Mi amigo me había hecho la pregunta a bocajarro, antes siquiera de que me hubiera dado tiempo a sentarme y pedir una cerveza. Hay amigos que son así de impulsivos (uno casi se pregunta si son amigos). Éste en concreto no puede estarse un minuto en el mismo sitio. Siempre está planeando viajes, salidas, cenas, encuentros en otro sitio. El estado natural de su mente es la huida. ¿De qué estará huyendo? ¿Un crimen? ¿Un desfalco? ¿Un adulterio? Imposible saberlo.

 

-Venga, decídete. ¿Dónde te gustaría estar ahora mismo? –insistió.

 

Mientras me sentaba, pensé algunas posibilidades. Una isla griega. Una quinta en el Alentejo portugués. Una casa frente al mar en Long Island. Pero de repente me di cuenta de que todas aquellas posibilidades también eran una forma de huida de lo peor que había en mí mismo.
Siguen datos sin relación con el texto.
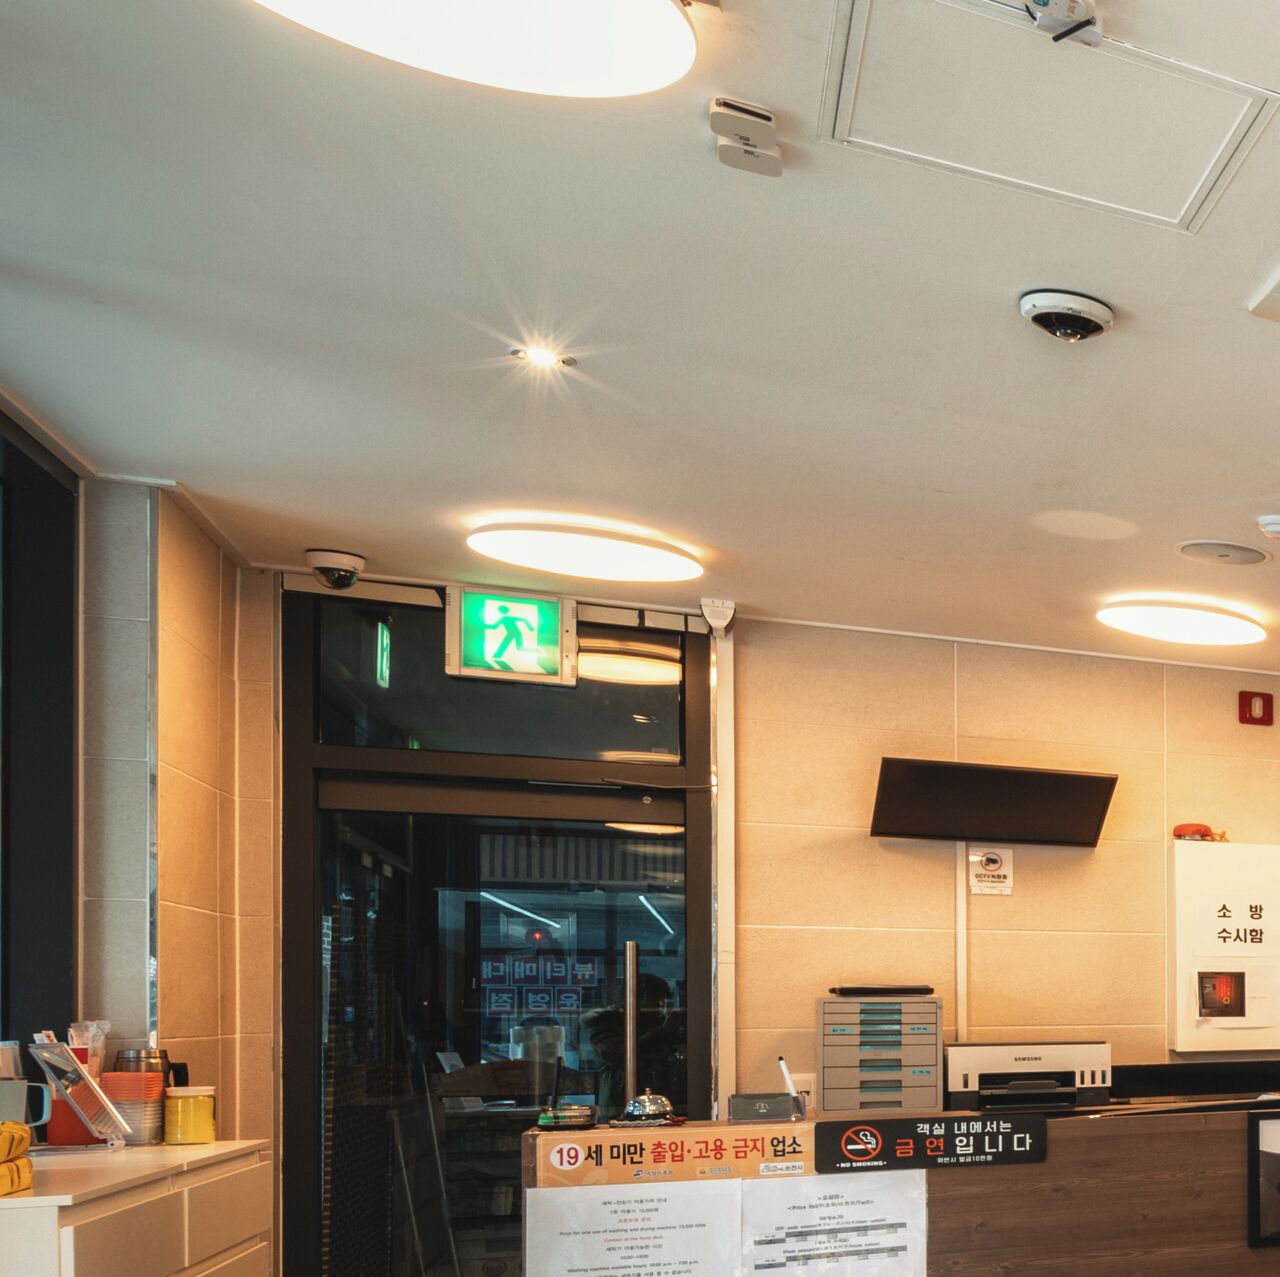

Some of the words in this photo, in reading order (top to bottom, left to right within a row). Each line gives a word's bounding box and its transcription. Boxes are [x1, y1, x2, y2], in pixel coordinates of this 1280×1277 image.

[1217, 928, 1264, 943] 수시함
[917, 1122, 945, 1135] 객실
[954, 1120, 1012, 1135] 내에서는
[609, 1142, 645, 1166] 미만
[732, 1136, 765, 1160] 금지
[770, 1135, 803, 1157] 업소
[852, 1160, 883, 1168] SMOKING
No, no iba a elegir otro sitio.

 

-Aquí, aquí mismo –contesté.

 

Todo el mundo me miró con sorpresa.

 

-¿Aquí?

 

-Sí, aquí. Aquí es donde desearía estar.

 

-¿No se te ocurre un sitio mejor?

 

Claro que se me ocurrían millones de sitios mejores, pero lo más difícil de este mundo es aceptar que uno desearía estar justo en el lugar en el que se encuentra. O dicho de otro modo, desear con el mayor anhelo, casi con la mayor obcecación, justo lo que uno ha conseguido. Eso es lo más difícil, el mayor milagro, la más portentosa carambola de la vida.

 

No, ninguno –expliqué.

 

Hubo un revuelo entre mis amigos. Alguien sugirió Venecia. Una chica mencionó una de las islas Maldivas a la que no llegaban los turistas. Alguien más habló de una casa en Benarés desde donde se veía el Ganges. No sé quién habló de cierto hotel en Belice.

 

-No, no. Prefiero esto. Aquí estoy bien.

 

Todo el grupo fue atravesado por un calambrazo de sorpresa, de asombro, de desconcierto.

 

-¿Lo dices en serio?

 

-Lo digo en serio.

 

La chica que había sugerido las Maldivas me dirigió una mirada insidiosa.

 

-Nos están tomando el pelo.

 

-Hablo en serio. No estoy tomando el pelo a nadie. Aquí es donde querría estar.

 

Otra vez se repitió la exclamación unánime de protesta:

 

-¿Aquí?

 

-Sí, aquí.

 

Sabía que los estaba decepcionando a todos. Sabía que me había degradado ante ellos, amigos y conocidos a los que veía con regularidad. Sabía que por la noche ya estarían diciendo que el pobre Jordá se había vuelto loco, o peor aún, tonto de remate. Sabía que nunca más me tomarían en serio. Quizá hasta dejarían de leerme, si es que alguno todavía se tomaba la molestia de hacerlo.

 

El que había sugerido Belice intentó darme una última oportunidad. Señaló la calle llena de gente endomingada para el Domingo de Ramos (mi abuela siempre repetía el mismo refrán: «Domingo de Ramos, quien no estrena, no tiene manos»). En medio de la calle, cuatro chicas se quitaban los zapatos nuevos porque les dolían los pies de tanto caminar. Había parejas cogidas del brazo, niños con corbata y pantalón corto, adolescentes con traje y corbata. Y por todas partes el ruido, el bullicio, ese rumor de colmena que se respira en Sevilla cuando empieza la Semana Santa.

 

-¿Esto? ¿Esto es lo que quieres?

 

Me hubiera gustado explicarle que no se trataba de eso. No se trataba de querer ni de desear. Seguro que había miles de lugares más bellos o más tranquilos en los que uno podría sentirse mucho mejor. Pero no se trataba de eso, sino de otra cosa. Se trataba de la predisposición a aceptar lo que uno tenía. Se trataba de lo más difícil de una vida: aceptar sin más lo que uno tiene, sin condiciones, sin reservas. Se trataba de una rendición incondicional ante la vida que en ese mismo instante era la mía. En realidad era un acto muy sencillo: bastaba arrojar de pronto las armas, levantar los brazos y agitar un pañuelo blanco en las manos, al mismo tiempo que uno empezaba a decir: sí, sí, sí, sí, sí, sí…

 

Y eso es lo que he hecho.

 

-¿Dónde te gustaría vivir?

 

-Aquí.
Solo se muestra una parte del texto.